WORK REQUIRED: Reproduce all of the entries character for character, while leaving out any pictures they contain.

------ GIVEN RECORDS

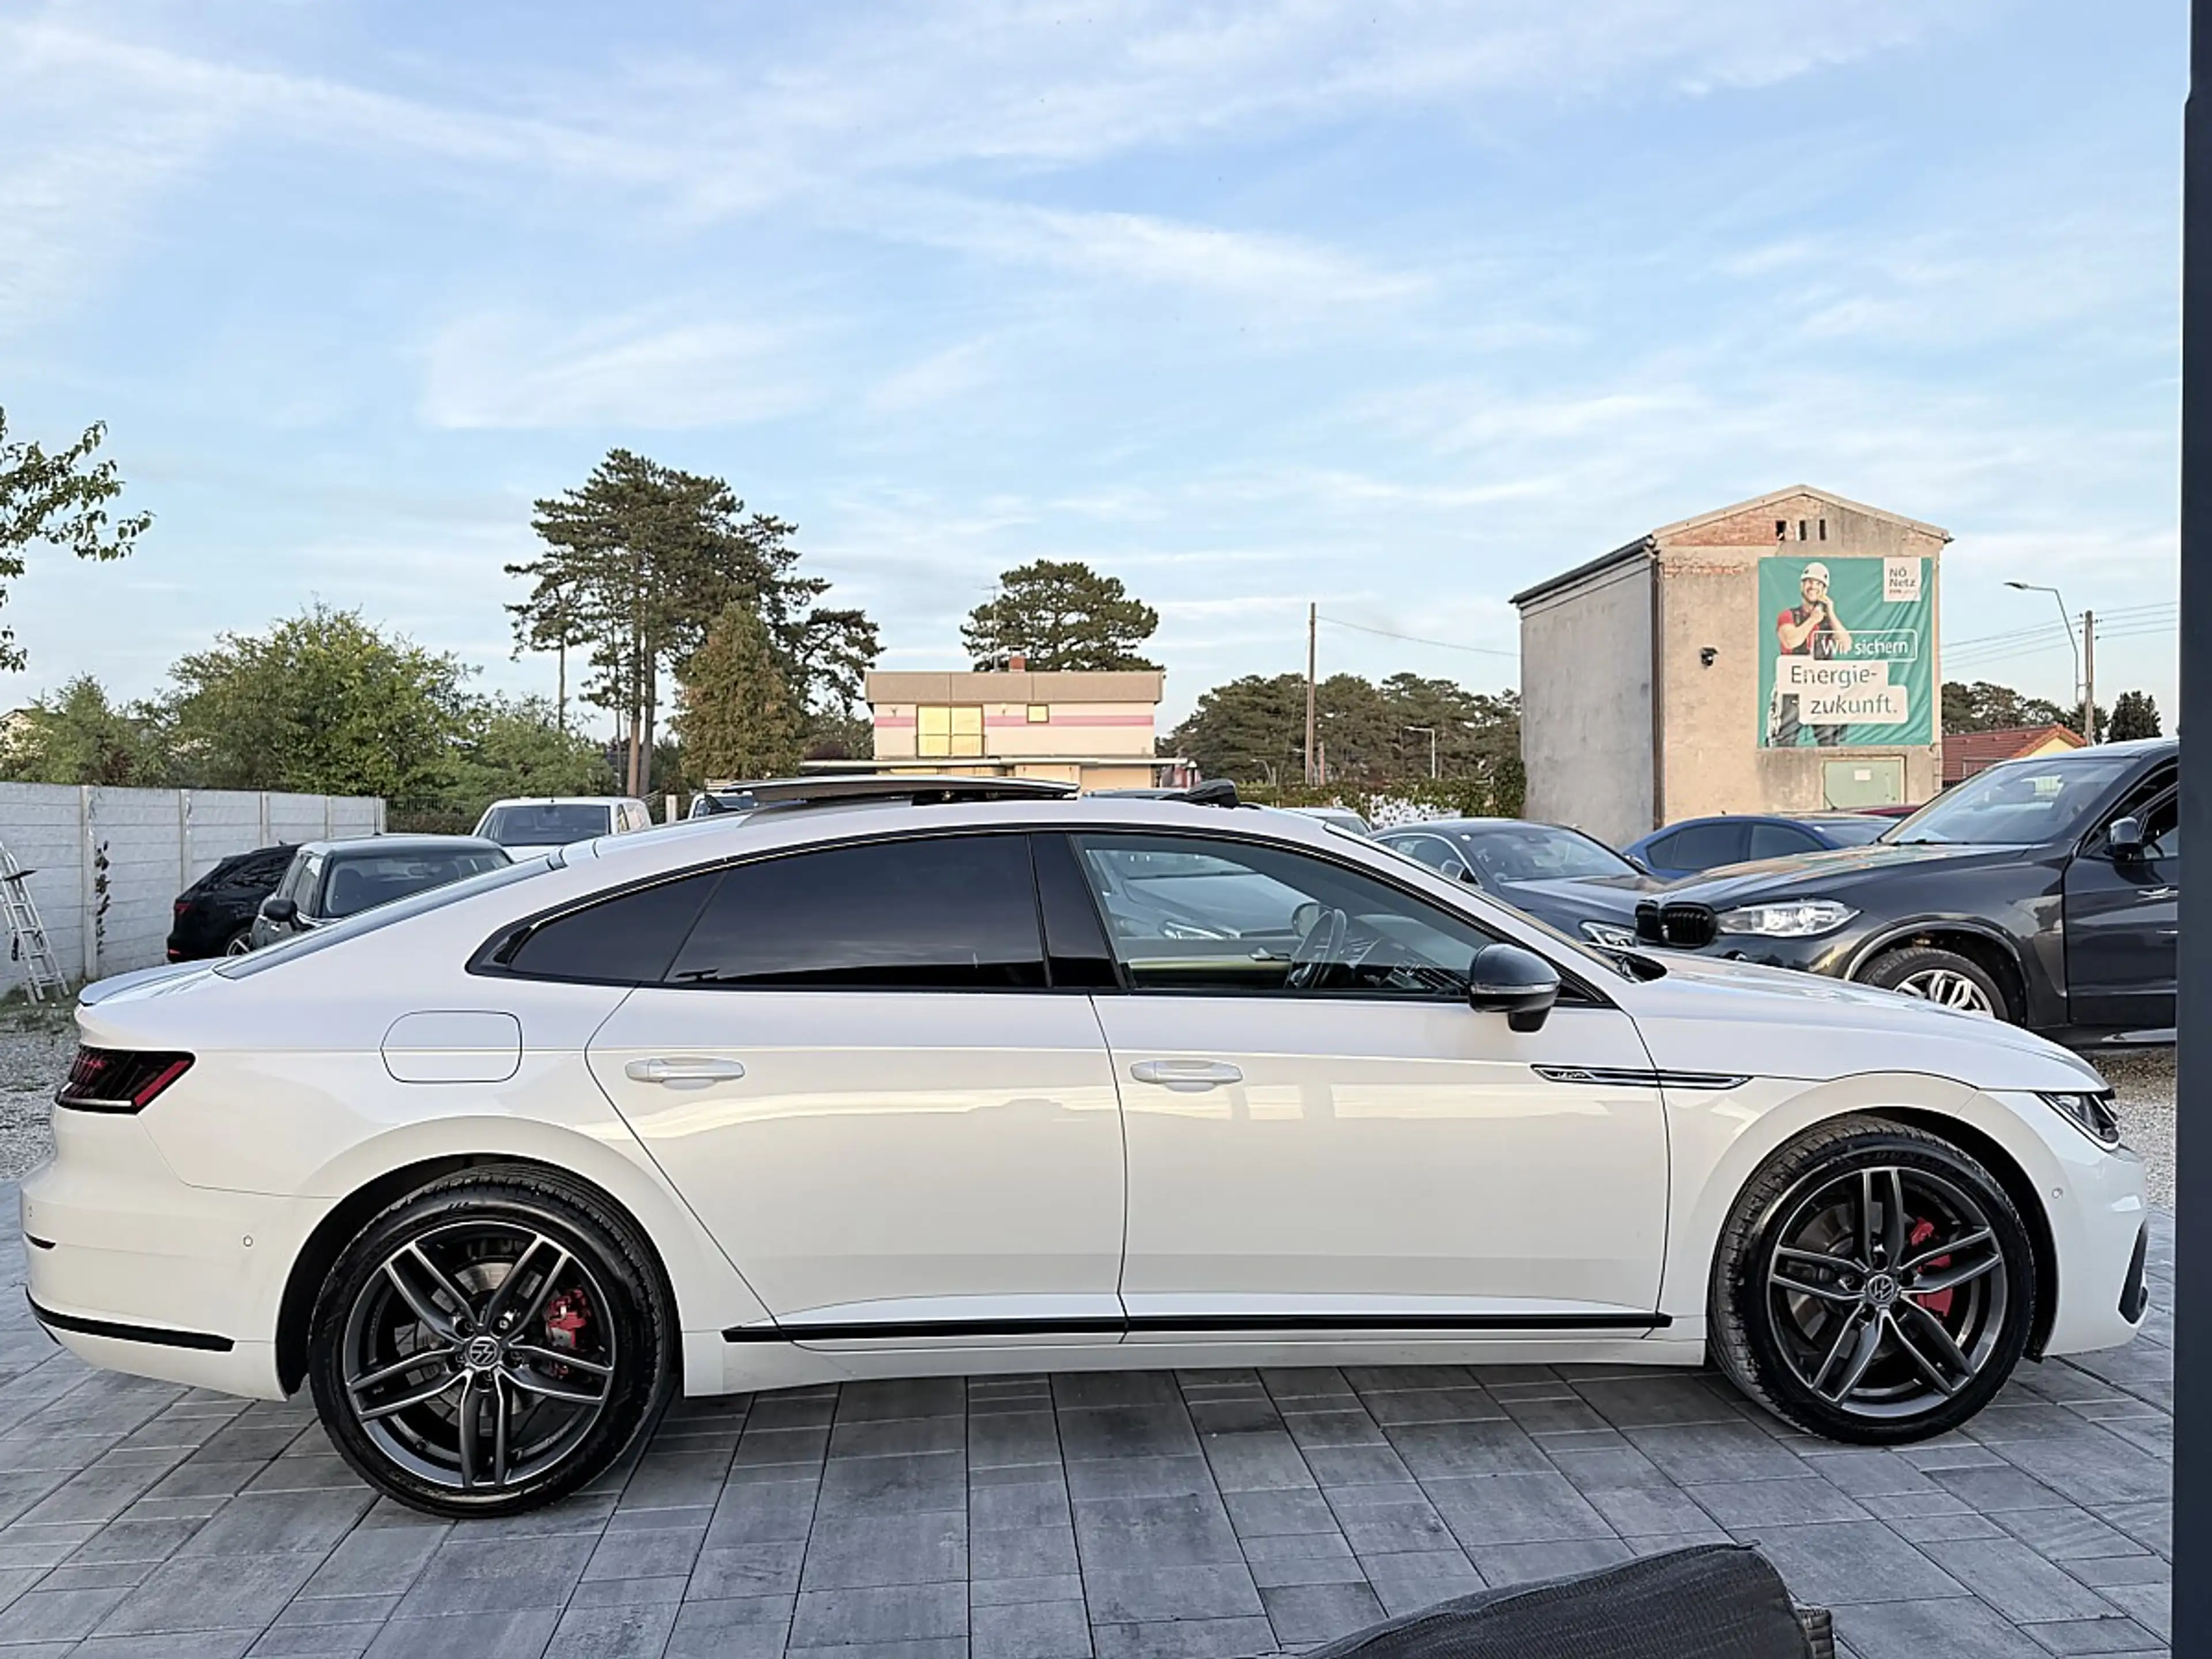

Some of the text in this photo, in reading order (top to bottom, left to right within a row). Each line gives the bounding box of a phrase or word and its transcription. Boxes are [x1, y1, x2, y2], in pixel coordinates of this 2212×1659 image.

[1889, 578, 1916, 586] Netz
[1854, 639, 1908, 655] sichern
[1791, 665, 1877, 688] Energie-
[1810, 694, 1897, 714] zukunft.
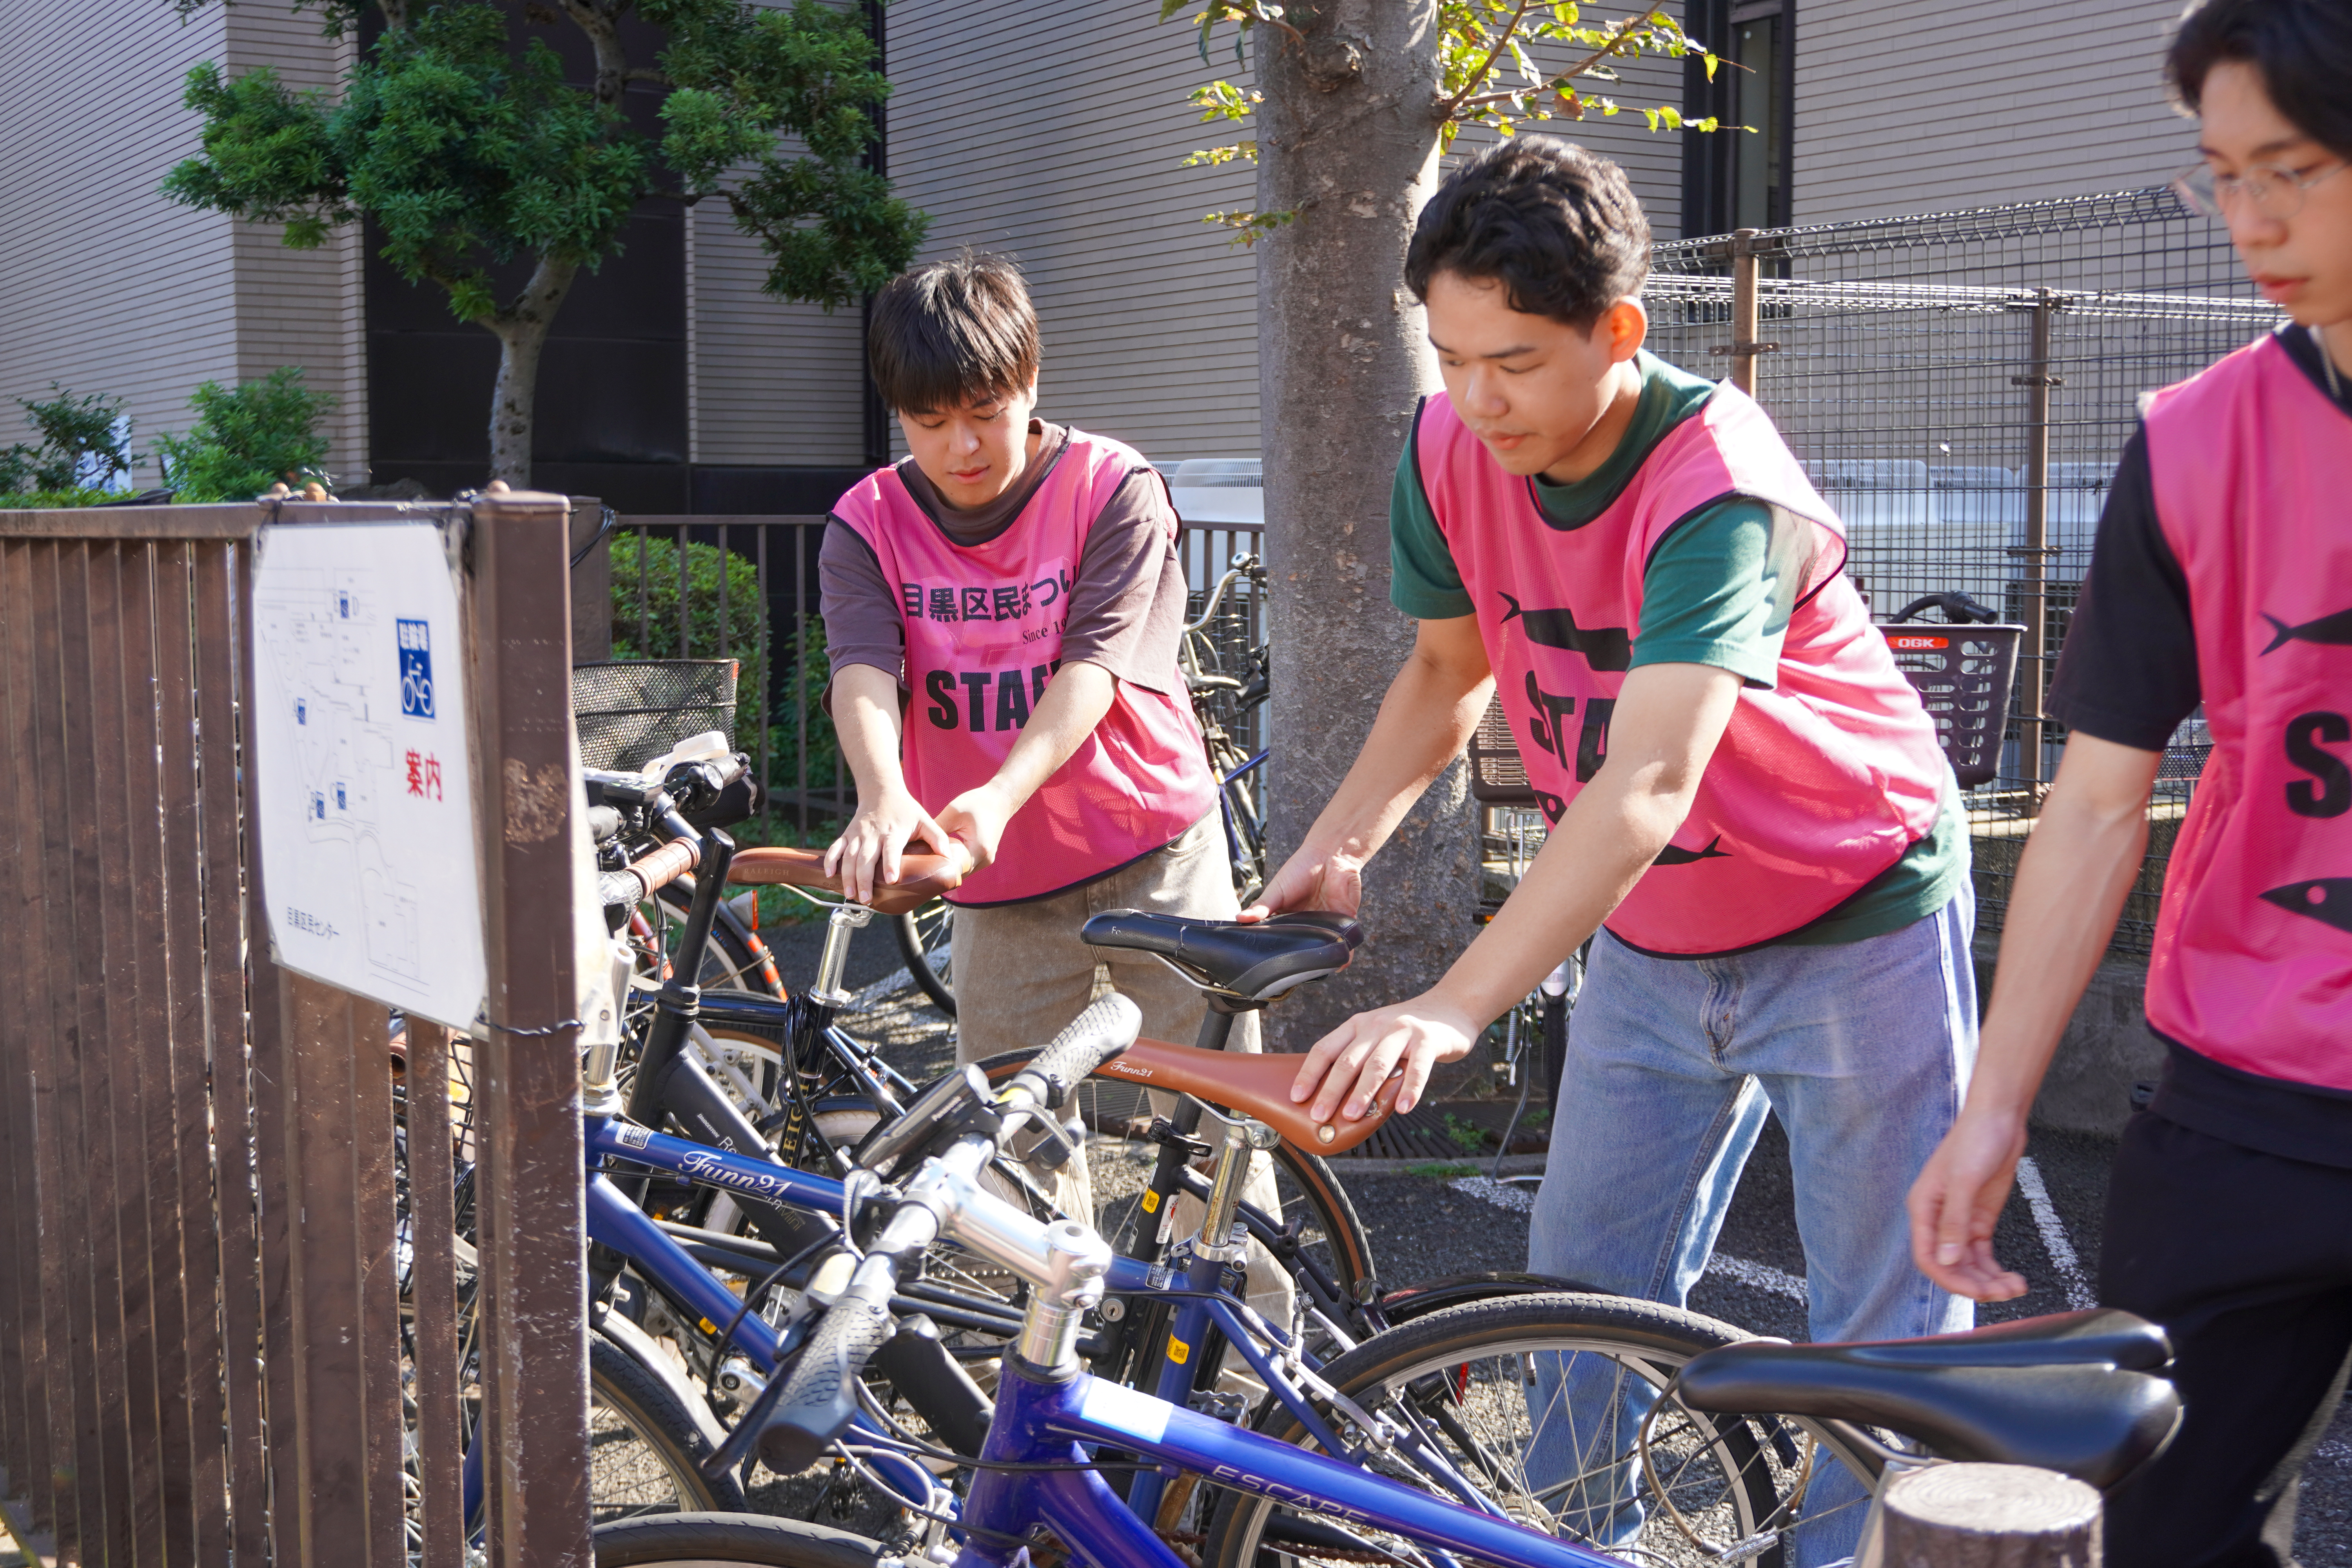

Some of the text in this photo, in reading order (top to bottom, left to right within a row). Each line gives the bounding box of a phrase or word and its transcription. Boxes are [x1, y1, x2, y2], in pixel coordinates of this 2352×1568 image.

------------

RESPONSE FOR THIS EXERCISE:
Some of the text in this photo, in reading order (top to bottom, left to right within a row). Each line gives the bounding box of a phrase or word and its transcription. Boxes are [x1, y1, x2, y2], in pixel coordinates of this 2212×1659 image.

[1889, 578, 1916, 586] Netz
[1854, 639, 1908, 655] sichern
[1791, 665, 1877, 688] Energie-
[1810, 694, 1897, 714] zukunft.

Some of the text in this photo, in reading order (top to bottom, left to right within a row). Each line gives the bounding box of a phrase or word and its transcription. Boxes are [x1, y1, x2, y2], in pixel coordinates of this 2352×1568 image.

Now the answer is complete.